In the meanwhile, Maud Barrington spent a sleepless night. Ferris’s taunt had reached its mark, and she realized with confusion that it was the truth he spoke. The fact that brought the blood to her cheeks would no longer be hidden, and she knew it was a longing to punish the lad who had struck down the man she loved that had led to her insistence on the former leaving Silverdale. It was a difficult admission, but she made it that night. The outcast who had stepped out of the obscurity and into her peaceful life, had shown himself a man that any woman might be proud to mate with; and, though he had said very little, and now and then his words were bitter, she knew that he loved her. Whatever he had done—and she felt against all the teachings of her reason that it had not been evil—he had shown himself the equal of the best at Silverdale, and she laughed as she wondered which of the men there she could set in the balance against him. Then she shivered a little, remembering that there was a barrier whose extent he alone realized between them, and wondered vaguely what the future would bring.

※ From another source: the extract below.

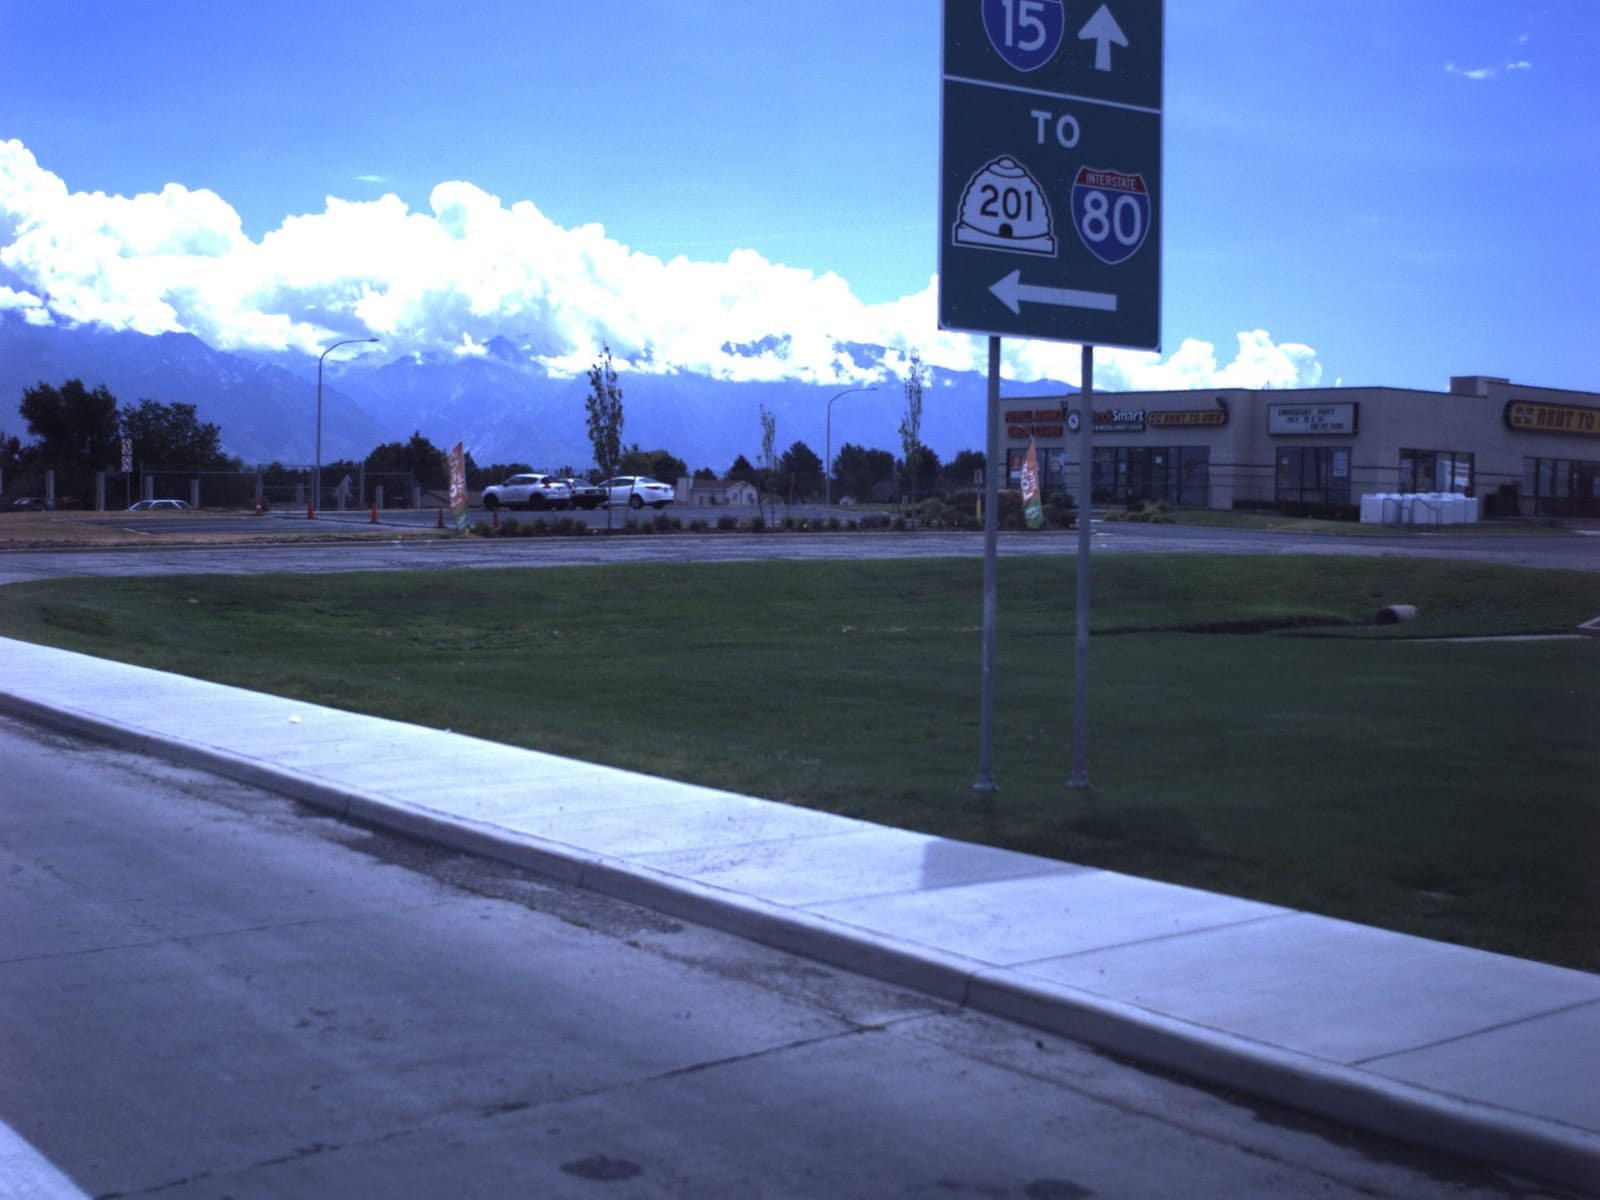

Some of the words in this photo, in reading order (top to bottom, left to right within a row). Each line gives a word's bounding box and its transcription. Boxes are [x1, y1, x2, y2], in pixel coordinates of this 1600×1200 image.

It was a week or two before Witham was on his feet again, and Maud Barrington was one of the first to greet him when he walked feebly into the hall. She had, however, decided on the line of conduct that would be most fitting, and there was no hint of more than neighbourly kindliness in her tone. They had spoken about various trifles when Witham turned to her.
“You and Miss Barrington have taken such good care of me that, if I consulted my inclinations I would linger in convalescence a long while,” he said. “Still, I must make an effort to get away to-morrow.”
“We cannot take the responsibility of letting you go under a week yet,” said Maud Barrington. “Have you anything especially important to do?”